Gerardo Celis was born in Costa Rica. At the age of four, his entire family moved to the

US where his father was to pursue his graduate studies in Resource Economics. When they

returned to Costa Rica, eight years later, he was fascinated by the rainforests and began to

develop an interest for the environment and for understanding the impact of humans on it. This

motivated him to pursue a career in this area.

As a first step, upon conclusion of High School, he initiated a program in Environmental

Studies at the University of British Columbia in Vancouver. After one year there, he then

returned to Costa Rica, where he completed his undergraduate studies in Biology at Universidad

Latina. His undergraduate research, entitled: "Seed germination of two sympatric palm species:

Chamaedorea tepejilote Liebm. and Chamaedorea Costaricana Oerst (Arecaceae) in natural

conditions and in a nursery," was the result of a pro bono collaboration with the National

Museum.

After concluding his undergraduate studies he taught Biostatistics at the same university

and was awarded a scholarship by the Organization for Tropical Studies (OTS) to participate in

the program Research Experiences for Undergraduates (REU) at La Selva Biological Station.

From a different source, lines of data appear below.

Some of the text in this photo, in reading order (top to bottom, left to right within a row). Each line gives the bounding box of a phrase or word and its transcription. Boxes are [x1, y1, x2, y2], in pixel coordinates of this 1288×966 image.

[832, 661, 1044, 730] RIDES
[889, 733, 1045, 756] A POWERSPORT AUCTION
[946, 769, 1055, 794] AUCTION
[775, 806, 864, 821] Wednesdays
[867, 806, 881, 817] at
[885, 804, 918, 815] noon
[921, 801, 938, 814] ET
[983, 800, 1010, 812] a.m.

The research conducted was entitled: "Do patterns of seed germination and seedling biomass

allocation reflect a shade tolerance syndrome in Gnetum leybodii Tul. (GNETACEAE)?." Later

on, he became TA, under Professor Luis Diego G6mez, for OTS' course "Plantains, Iguanas and

Shamans: An Introduction to Field Ethnobiology."

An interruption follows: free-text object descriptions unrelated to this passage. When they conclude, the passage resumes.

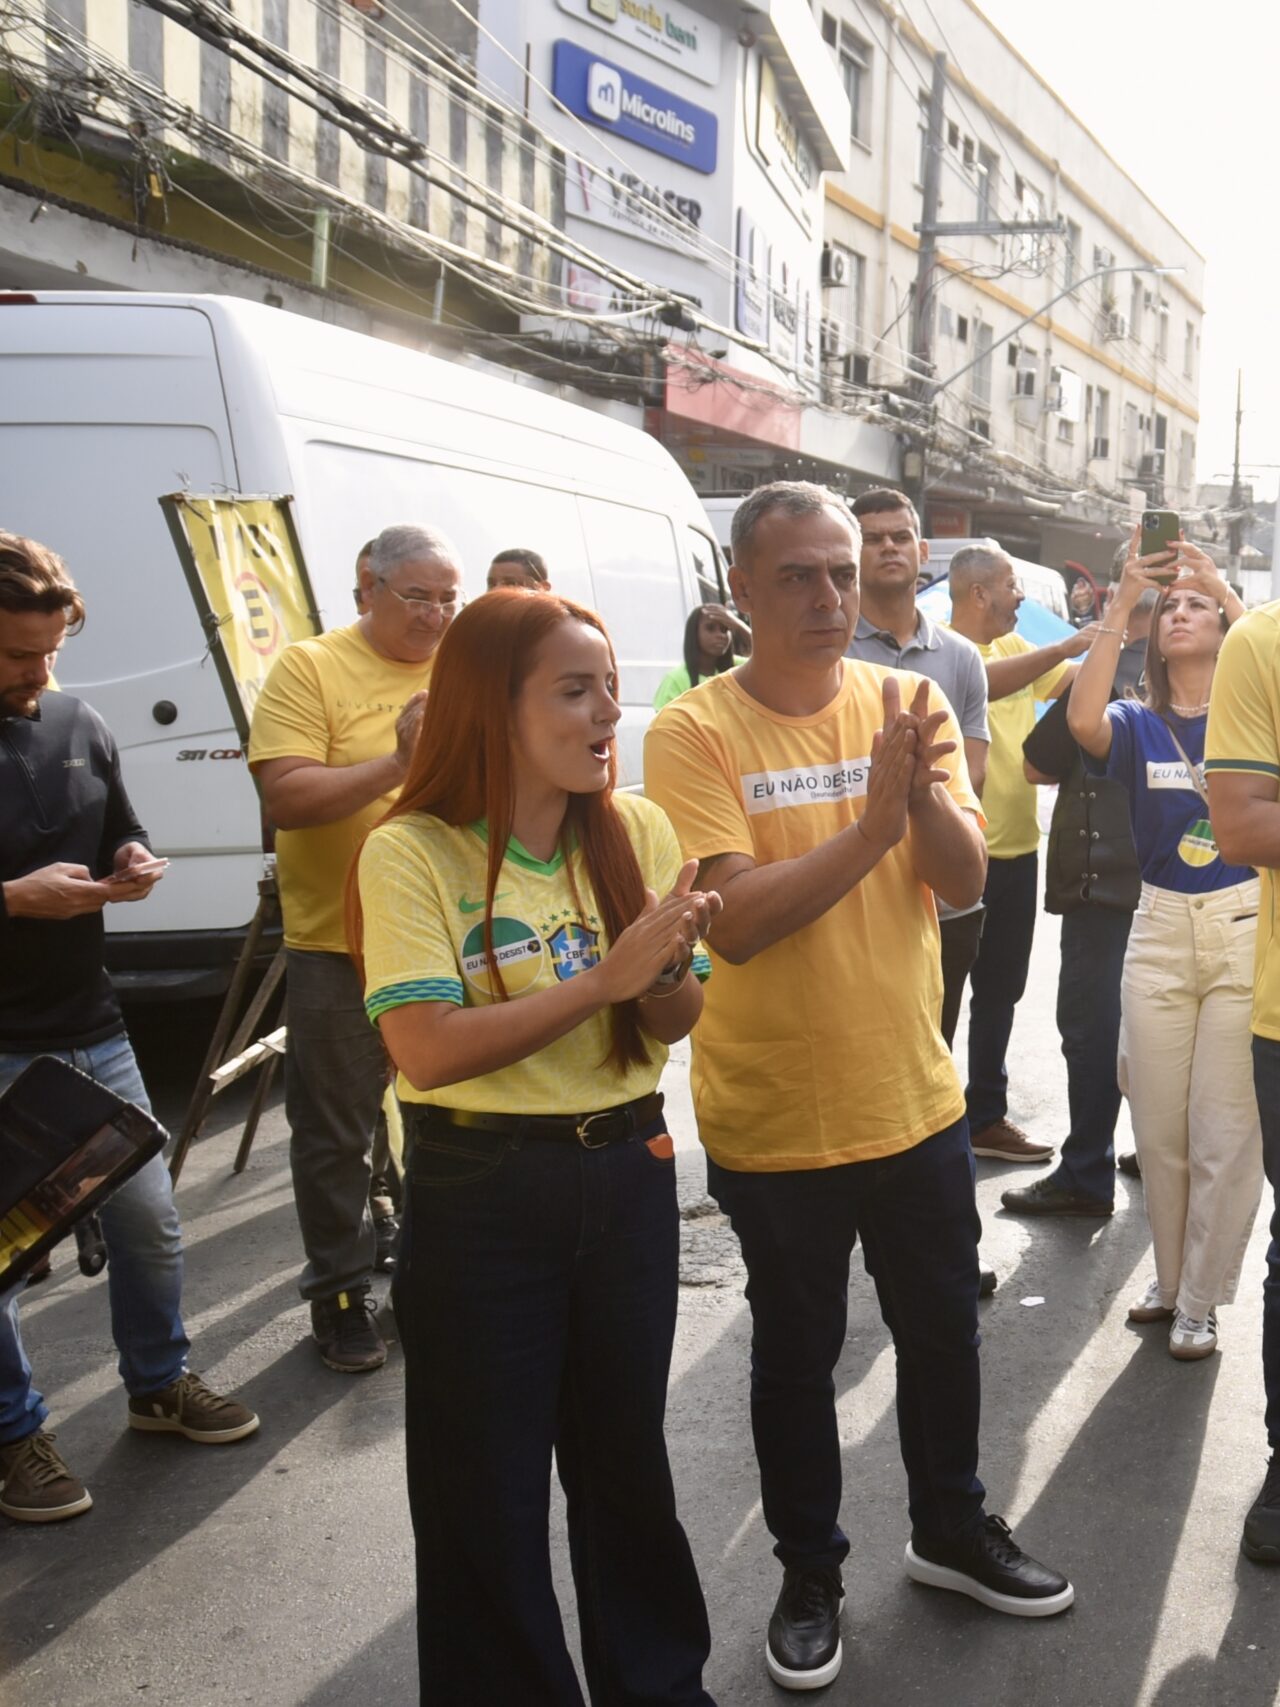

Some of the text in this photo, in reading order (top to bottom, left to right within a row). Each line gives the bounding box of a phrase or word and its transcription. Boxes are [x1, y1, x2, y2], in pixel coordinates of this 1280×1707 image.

[621, 88, 696, 143] Microlins
[1152, 768, 1171, 779] EU
[753, 782, 775, 798] EU
[781, 773, 818, 793] NÃO
[566, 949, 585, 960] CBF
[466, 960, 479, 971] EU

At this point in his career, he felt that he needed to develop a broader understanding of

environmental processes by incorporating the interdisciplinary dimension; in particular, how

humans could help restore the environment. Thus, he decided to pursue a master's in

interdisciplinary ecology at the University of Florida (UF). In 2004, he obtained a 9-credits out-









of-state tuition exemption from the Florida-Costa Rica Linkage Institute (FLORICA). For the

second year he was awarded a fellowship by UF's Tropical Conservation and Development

Program (TCD) within the Center for Latin American Studies. His master's thesis was entitled:

"Restoring abandoned pasture land with native tree species in Costa Rica: An ecophysiological

approach to species selection" funded by the Compton's fellowship.

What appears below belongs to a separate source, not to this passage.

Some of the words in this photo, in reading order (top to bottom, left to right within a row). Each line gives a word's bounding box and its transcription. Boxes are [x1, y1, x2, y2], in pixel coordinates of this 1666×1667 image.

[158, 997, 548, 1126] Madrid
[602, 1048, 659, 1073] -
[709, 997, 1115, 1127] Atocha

Upon completion of his master's degree he enrolled in a PhD in Urban restoration ecology

at the University of Florida. He plans to continue research in the area of urban restoration

ecology, teach courses at universities, become part of teams performing environmental impact

assessments and designing policy reforms, and develop community level activities. With the

information generated from his research, he wants to create programs that will help to establish a

better interpretation of the environmental impacts of urban expansions and to give a solid basis

for urban planning and policy design.